Le père Philippe, quand on l’écoutait en cours, quand on l’entendait dans ses homélies, quand on le voyait célébrer l’Eucharistie, était un homme de la verticalité, constamment tourné vers l ‘adoration et vers la transcendance. Il était vrai dans ce qu’il disait, dans ce qu’il faisait ; son authenticité était évidente ; mais d’une certaine façon, la question de la confiance ne se posait pas car la dynamique se situait bien au-delà d’une relation de confiance. Nous étions face à un modèle et face à un guide un brin intimidant malgré son humilité.

Le père Philippe et la maternité divine de Marie

Je reste frappée par la justesse et la profondeur des propos qu’il m’a tenus il y a tout juste 20 ans quand je suis allée le voir pour la première fois en confession. Il m’ a dit : « quand on est angoissée, on a besoin d’une mère. » Sur le coup, je fus déconcertée. Je cherchais Dieu et le père Philippe me parlait de la nécessité d’avoir une mère. Il m’a fallu du temps pour comprendre que la maternité de Marie était un cadeau qui m’était aussi donné, et pour en découvrir les bienfaits.

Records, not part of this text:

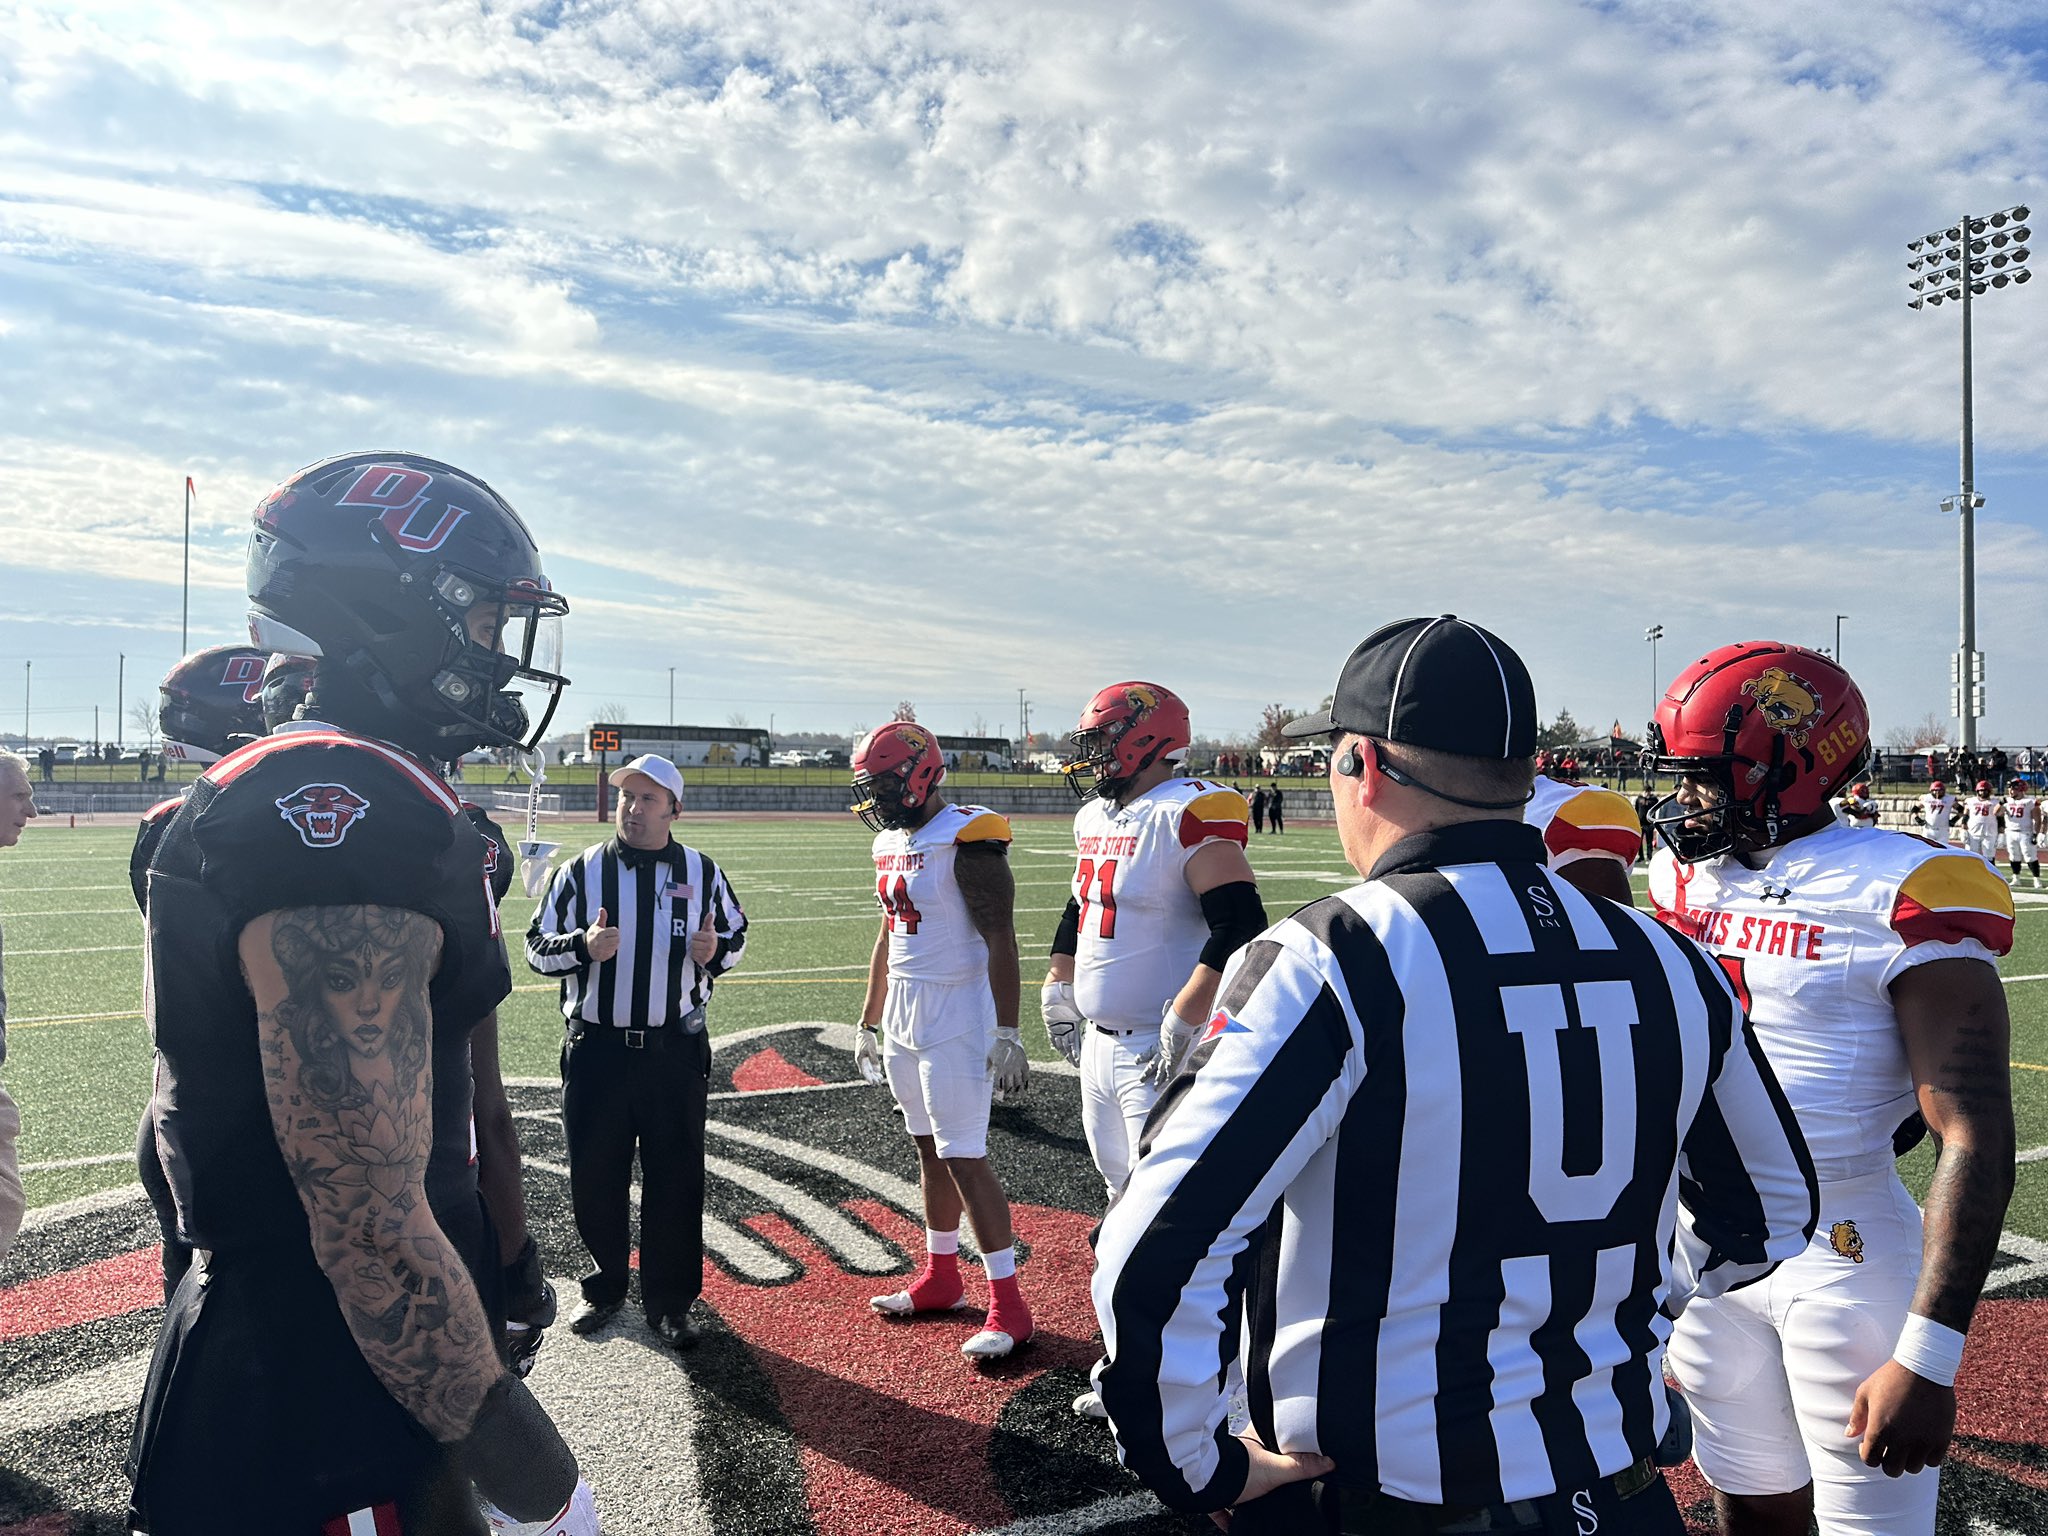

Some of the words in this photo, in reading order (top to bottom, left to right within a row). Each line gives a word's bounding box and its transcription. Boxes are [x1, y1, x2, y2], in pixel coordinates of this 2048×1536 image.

[335, 465, 471, 553] DU
[593, 731, 619, 750] 25
[1817, 720, 1858, 766] 815
[896, 853, 924, 871] STATE
[1102, 837, 1137, 856] STATE
[878, 874, 922, 935] 14
[1077, 858, 1118, 939] 71
[672, 918, 686, 937] R
[1539, 919, 1560, 928] USA
[1736, 915, 1825, 961] STATE
[1499, 980, 1640, 1223] U

L’envergure intellectuelle du père Philippe

Le père Philippe est quelqu’un qui a tout simplement continué le chemin de découverte de l’être initié par Aristote. Il a eu, de plus, l’audace d’explorer les itinéraires qui pouvaient mener de l’être à Dieu. Et ce chemin à la suite d’Aristote l’a rendu intellectuellement seul, loin de toutes les modes philosophiques, et donc à l’écart de ses confrères. Je souligne cette solitude pour mettre en valeur la force du père Philippe, sa constance à poursuivre cette recherche d’une philosophie de l’être qui ne prenait ni le chemin de la phénoménologie, ni celui de la pensée hégélienne, deux courants qui dominaient le paysage intellectuel français.

Je l’admire énormément non seulement pour la qualité de sa recherche, la rigueur et la profondeur de ses analyses, mais aussi pour avoir su se passer de la reconnaissance des autres philosophes.

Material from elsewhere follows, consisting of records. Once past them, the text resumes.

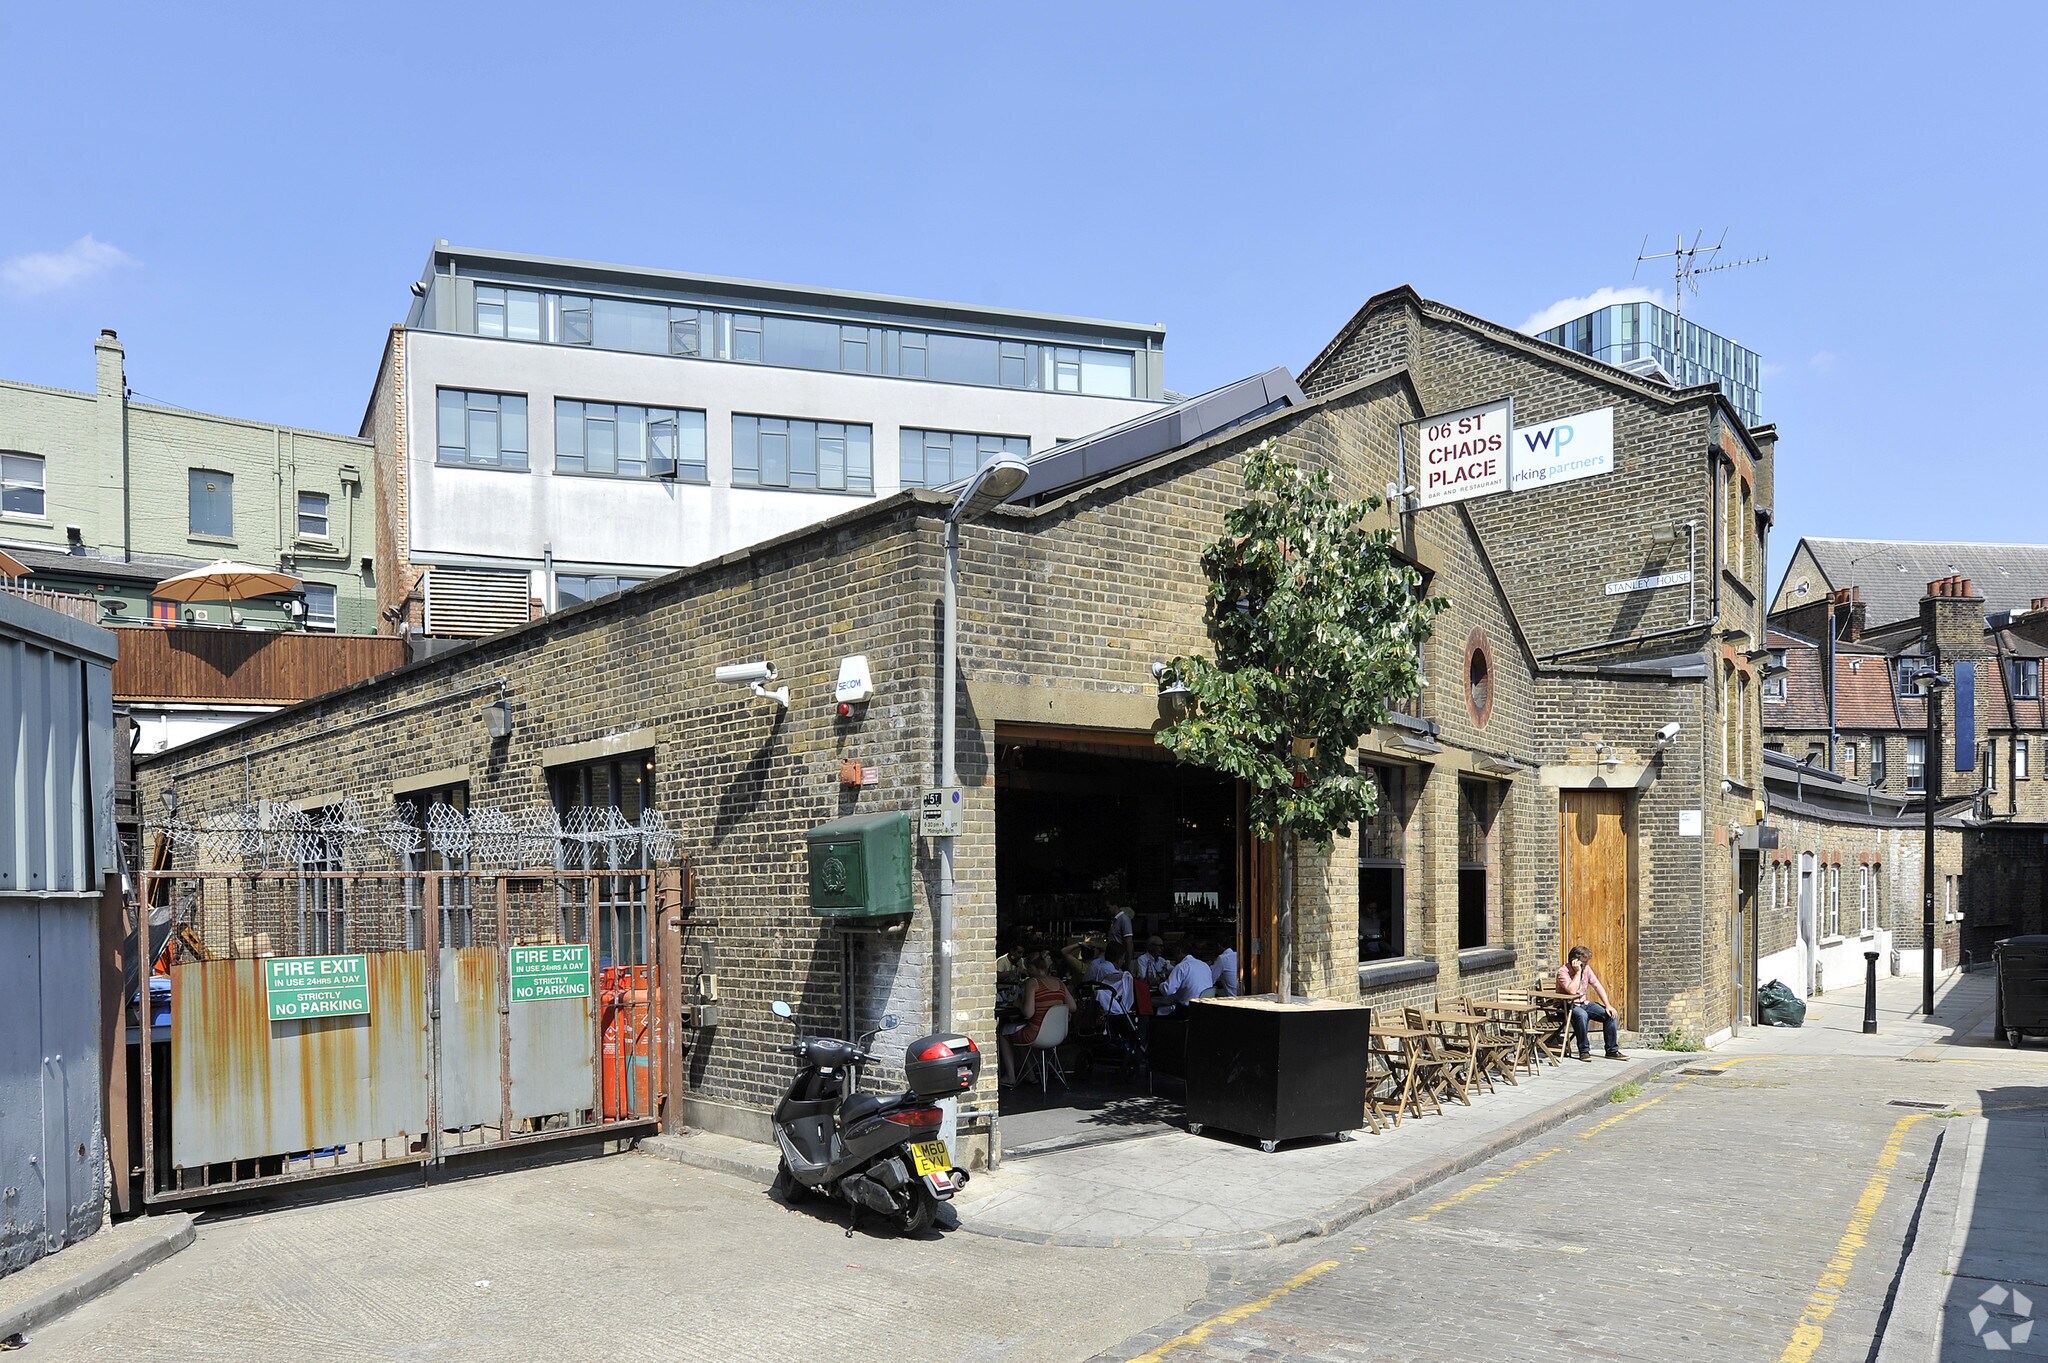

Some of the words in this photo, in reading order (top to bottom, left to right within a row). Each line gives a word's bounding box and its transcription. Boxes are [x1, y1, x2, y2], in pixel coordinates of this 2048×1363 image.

[1428, 422, 1451, 442] 06
[1458, 413, 1486, 435] ST
[1428, 434, 1502, 465] CHADS
[1429, 459, 1496, 489] PLACE
[1549, 455, 1604, 478] partners
[1428, 491, 1441, 499] BAR
[1443, 488, 1457, 496] AND
[1460, 479, 1503, 492] RESTAURANT
[1607, 577, 1650, 594] STANLEY
[1656, 572, 1689, 586] HOUSE
[838, 679, 861, 691] SECOM
[515, 950, 548, 964] FIRE
[553, 948, 584, 962] EXIT
[273, 961, 315, 977] FIRE
[320, 959, 359, 975] EXIT
[569, 962, 584, 970] DAY
[274, 979, 284, 987] IN
[286, 978, 305, 987] USE
[333, 976, 340, 984] A
[341, 975, 360, 983] DAY
[533, 976, 568, 986] STRICTLY
[296, 991, 341, 1002] STRICTLY
[516, 987, 534, 998] NO
[536, 984, 585, 996] PARKING
[275, 1003, 297, 1016] NO
[301, 999, 363, 1014] PARKING
[913, 1141, 945, 1159] LM60
[921, 1155, 944, 1171] EYV

Le père Philippe en contemplation

Je me souviens d’une fois, au début des années 2000, où j’ai emmené ma mère écouter une conférence du père Philippe au prieuré de Boulogne. Il nous parlait depuis l’intérieur de sa contemplation qu’il vivait devant nous. C’était difficile de le suivre là où son esprit était rendu, le soir, après le dîner. Du reste, pour entrer dans la pensée ou dans la contemplation du père, il fallait souvent vivre une certaine ascèse.